United States District Court, S.D. New York

January 18, 2017


          OPINION & ORDER

          WILLIAM H. PAULEY III, District Judge

         Plaintiff Antonio Bautista Garcia brings this action against Defendants Bad Horse Pizza, Inc. and its owner John Kandel for unpaid overtime under the Fair Labor Standards Act (“FLSA”) and New York Labor Law (“NYLL”) and failure to provide wage notices and wage statements under NYLL. Following a one-day bench trial, this Court makes the following findings of fact and conclusions of law pursuant to Federal Rule of Civil Procedure 52.


         Between April 1, 2011 and February 29, 2016, Kandel owned and operated Bad Horse, a Manhattan pizzeria that grossed more than $500, 000 in revenue each year. (Trial Transcript dated July 14, 2016 (“Tr.”), at 4, 5, 31, 37.) It operated from 5:00 p.m. to 10:00 p.m.

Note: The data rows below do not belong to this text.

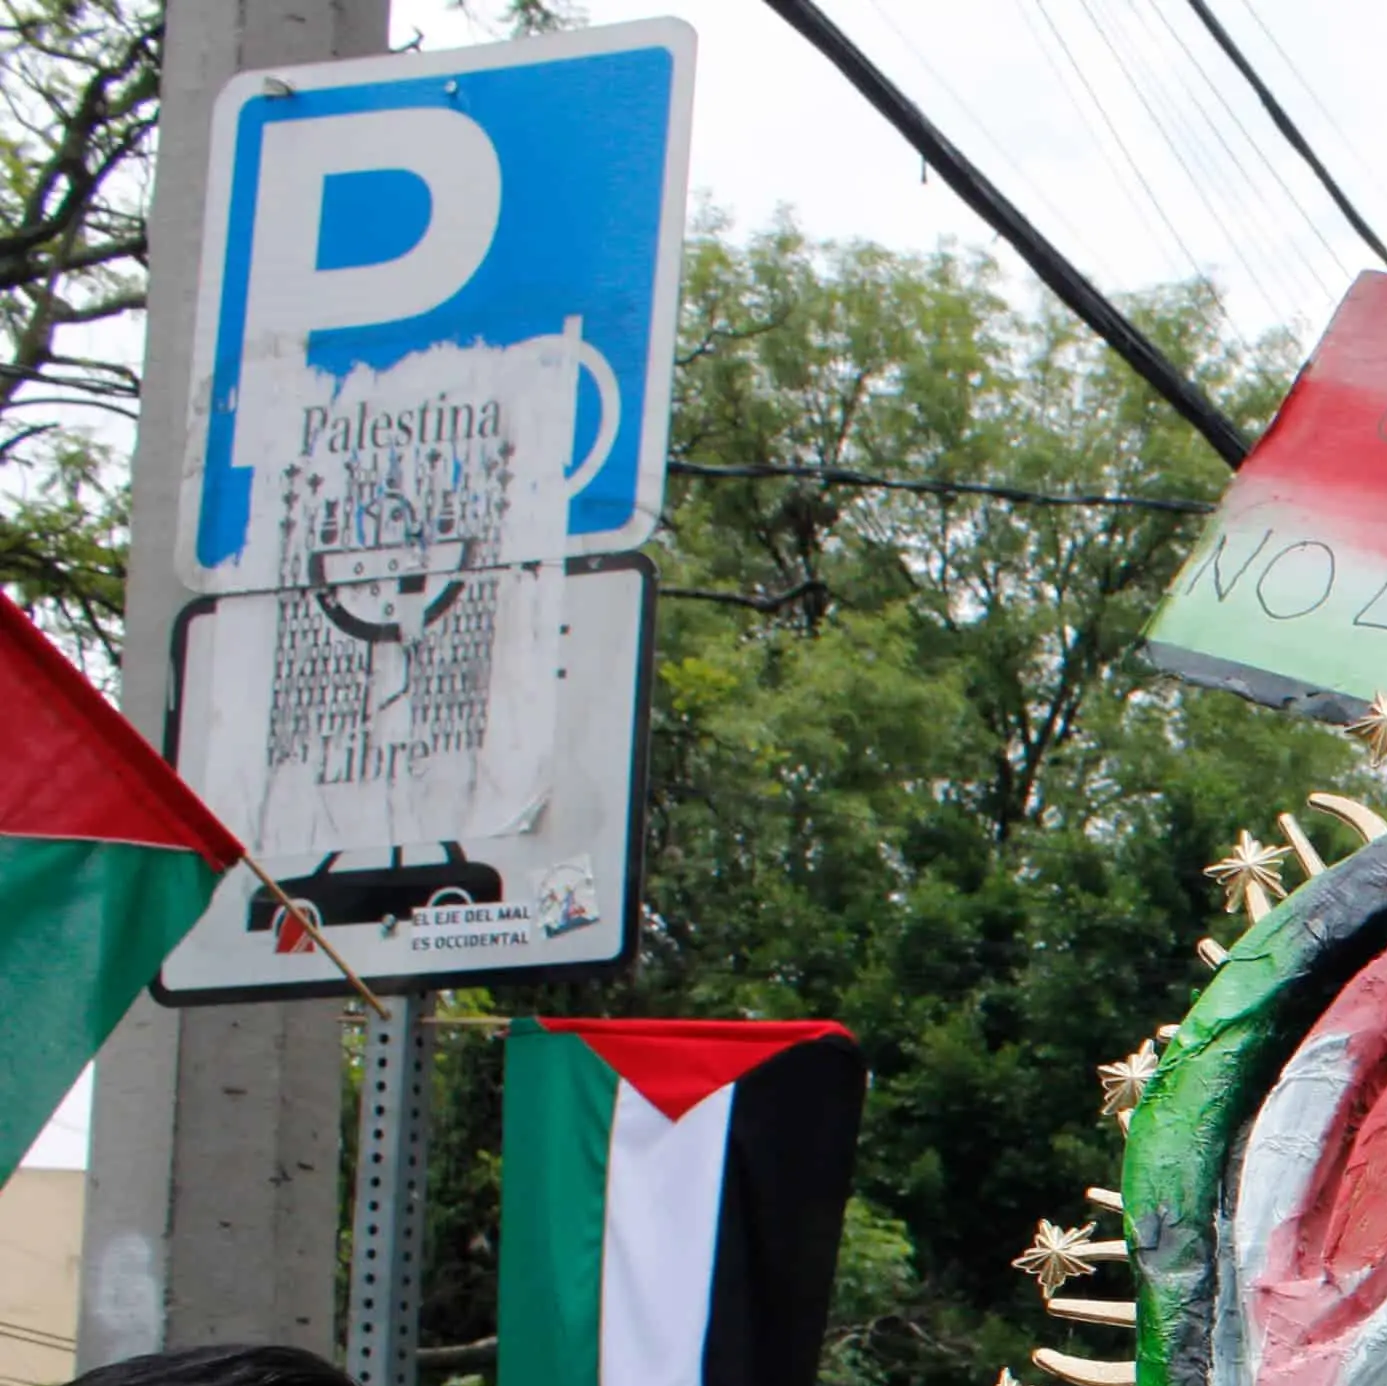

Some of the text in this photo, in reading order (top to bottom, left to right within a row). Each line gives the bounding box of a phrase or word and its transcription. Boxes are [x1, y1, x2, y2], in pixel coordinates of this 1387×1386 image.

[231, 106, 502, 467] P
[301, 392, 501, 457] Palestina
[1186, 528, 1335, 620] NO
[316, 733, 430, 787] Libre
[412, 906, 531, 927] EL EJE DEL MAL
[412, 932, 529, 951] ES OCCIDENTAL

Sunday through Wednesday and from 5:00 p.m. to 11:00 p.m. Thursday through Saturday. (Tr. at 46.) Kandel had the authority to hire and fire employees and set their work schedules. (Tr. at 5.)

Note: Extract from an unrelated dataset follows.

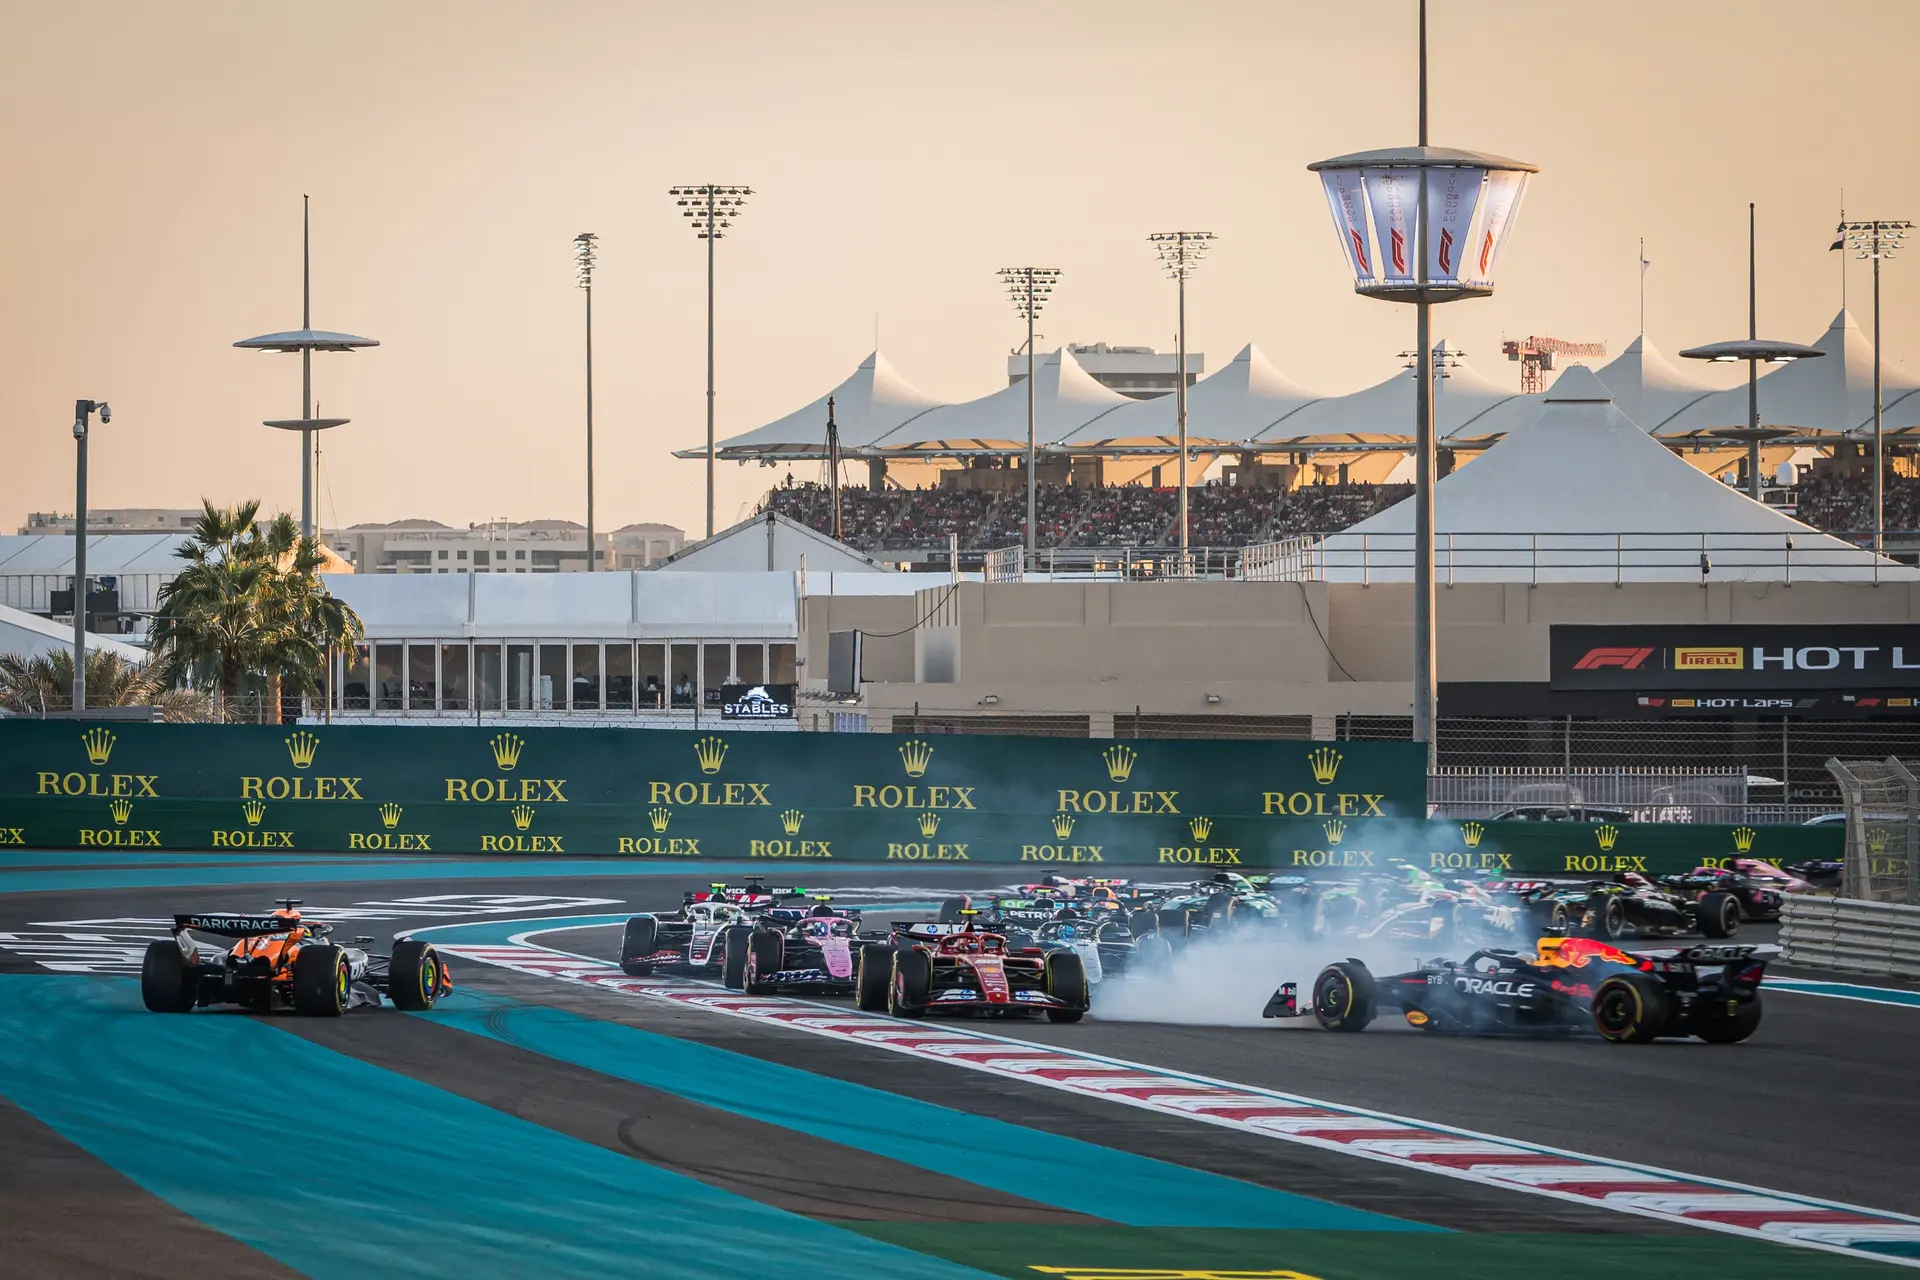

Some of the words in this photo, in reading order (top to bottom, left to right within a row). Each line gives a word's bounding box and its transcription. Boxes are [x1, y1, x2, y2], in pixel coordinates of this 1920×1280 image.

         Kandel's management style could be characterized as informal. He described his staff “as a little family, ” regularly had after-work beers with them and did not require employees to punch a time clock. (Tr. at 8, 11, 28.) At trial, he could not verify the actual numbers of hours any employee worked. (Tr. at 11, 24-25, 27, 42.) If kitchen staff came in late, he “never took it off their pay” because, in his words, “those guys worked really hard.” (Tr. at 33.) While Bad Horse used ADP to process payroll, Kandel employed a practice of reporting only the first 40 hours of work and paid any overtime in cash off-the-books. (See Tr. at 15; Plaintiff's Proposed Findings of Fact and Conclusions of Law, ECF No. 102, at ¶ 33.)

         Garcia began working six days per week at Bad Horse in June 2012.[1] (Tr. at 11, 55.) Kandel initially employed him as a deliveryman at a rate of $9 per hour. (Tr. at 39.) During his first month of employment, he regularly arrived twenty minutes late, but thereafter, quit his other job so that he could begin work at 3:00 p.m. (Tr. at 37-38.) In addition to deliveries, Garcia performed some prep work and helped clean up at the end of the day, causing his shift to end approximately fifteen minutes after the restaurant closed. (Tr. at 29.) With this schedule, Garcia worked approximately 45 hours per week for 7-8 months. (Tr. at 38-39.)

         In February 2013, Garcia began working in the kitchen and Kandel increased his hourly wage to $12. (Tr. at 40, 76.) For the next 9 months, he continued to work approximately 45 hours per week. (Tr. at 11, 44.)

         In November 2013, Kandel asked Garcia to work longer hours and take on additional work in the kitchen. (Tr. at 44.) Kandel increased his hourly wage to $12.69.[2] (Tr. at 15, 45.) Over the next 5 months, Garcia worked approximately 55 hours per week. (Tr. at 40.)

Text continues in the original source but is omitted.